BEGIN

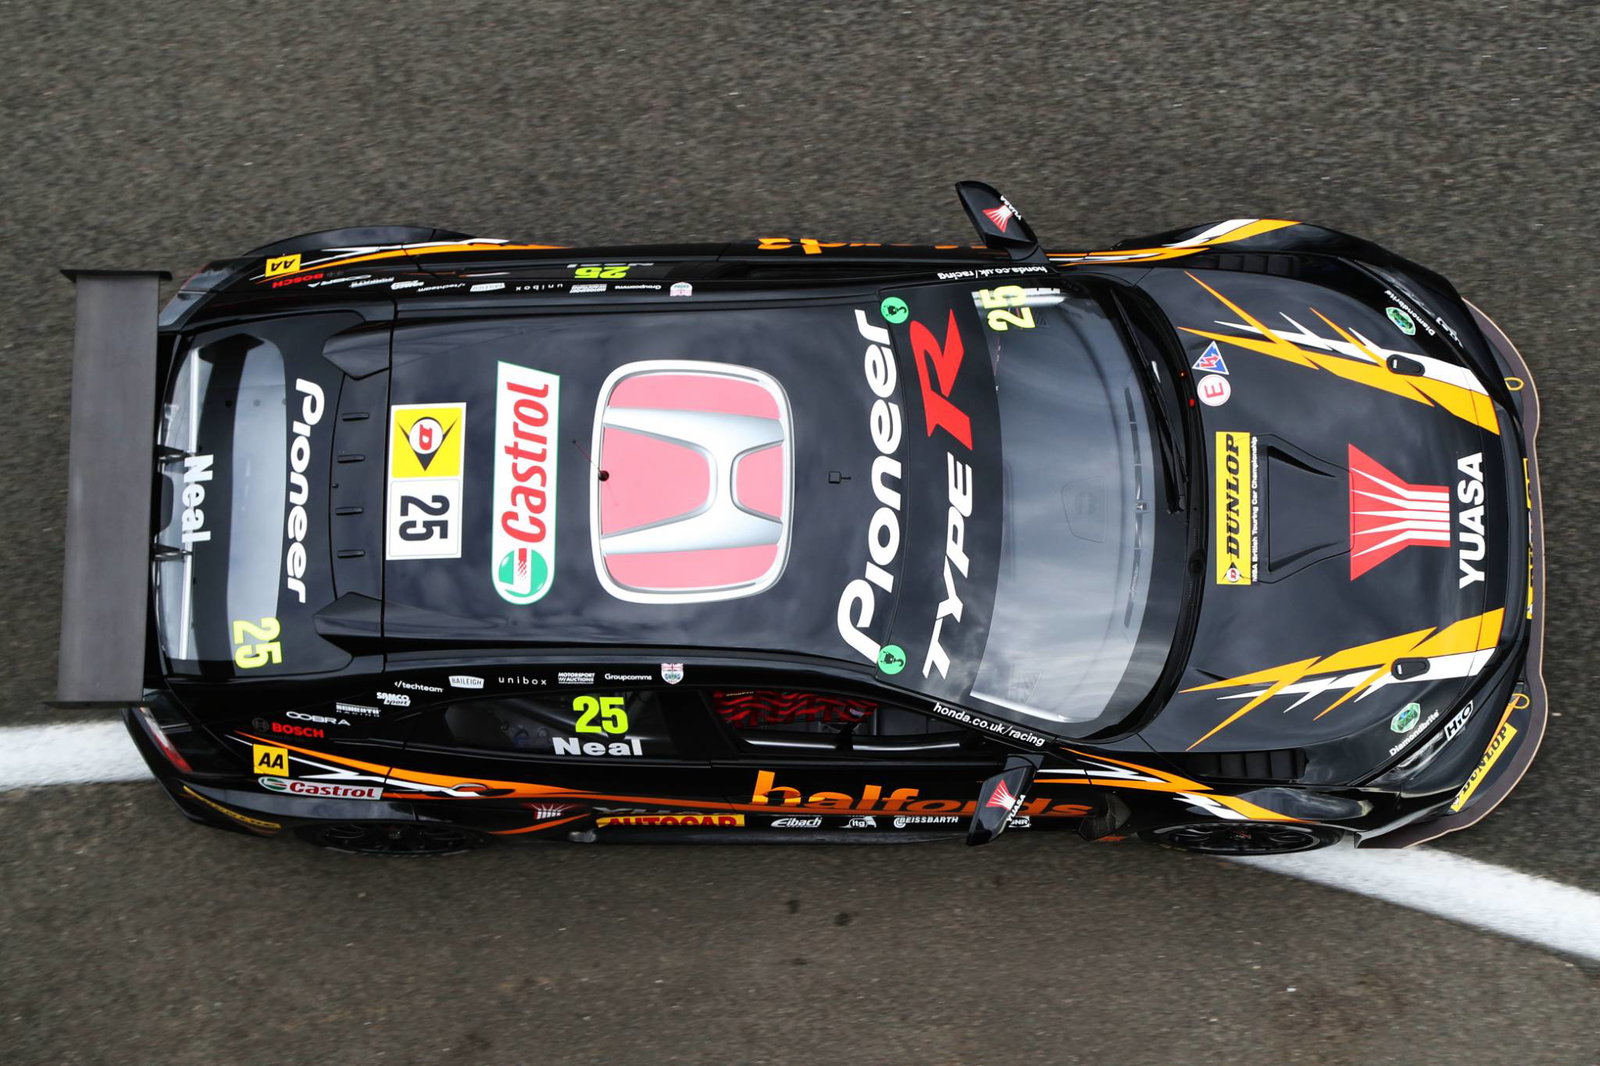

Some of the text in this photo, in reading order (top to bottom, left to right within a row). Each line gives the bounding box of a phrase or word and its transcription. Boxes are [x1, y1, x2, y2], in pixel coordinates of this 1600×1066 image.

[271, 258, 295, 272] AA
[574, 266, 630, 279] 25
[979, 285, 1036, 331] 25
[1204, 382, 1225, 399] E
[500, 381, 550, 543] Castrol
[181, 454, 214, 543] Neal
[286, 378, 325, 604] Pioneer
[836, 309, 902, 664] Pioneer
[909, 308, 973, 680] TYPE R
[1226, 433, 1240, 559] DUNLOP
[399, 494, 451, 542] 25
[1251, 506, 1259, 535] Touring
[1457, 452, 1486, 589] YUASA
[232, 617, 282, 669] 25
[499, 676, 547, 686] unibox
[605, 673, 653, 681] Groupcomms
[271, 722, 325, 738] BOSCH
[286, 711, 351, 726] COBRA
[572, 695, 629, 734] 25
[933, 702, 1045, 747] honda.co.uk/racing
[552, 737, 643, 757] Neal
[1389, 709, 1439, 757] Diamondbrite
[258, 752, 284, 769] AA
[290, 782, 376, 799] Castrol
[771, 816, 822, 828] Eibach
[1007, 794, 1026, 822] YUASA

END

-- Exercise requirements --
Return the preceding entries verbatim, with the pictures excluded.

-- Answer box --
Some of the text in this photo, in reading order (top to bottom, left to right within a row). Each line gives the bounding box of a phrase or word and its transcription. Boxes are [x1, y1, x2, y2], in pixel coordinates of this 1600×1066 image.

[271, 258, 295, 272] AA
[574, 266, 630, 279] 25
[979, 285, 1036, 331] 25
[1204, 382, 1225, 399] E
[500, 381, 550, 543] Castrol
[181, 454, 214, 543] Neal
[286, 378, 325, 604] Pioneer
[836, 309, 902, 664] Pioneer
[909, 308, 973, 680] TYPE R
[1226, 433, 1240, 559] DUNLOP
[399, 494, 451, 542] 25
[1251, 506, 1259, 535] Touring
[1457, 452, 1486, 589] YUASA
[232, 617, 282, 669] 25
[499, 676, 547, 686] unibox
[605, 673, 653, 681] Groupcomms
[271, 722, 325, 738] BOSCH
[286, 711, 351, 726] COBRA
[572, 695, 629, 734] 25
[933, 702, 1045, 747] honda.co.uk/racing
[552, 737, 643, 757] Neal
[1389, 709, 1439, 757] Diamondbrite
[258, 752, 284, 769] AA
[290, 782, 376, 799] Castrol
[771, 816, 822, 828] Eibach
[1007, 794, 1026, 822] YUASA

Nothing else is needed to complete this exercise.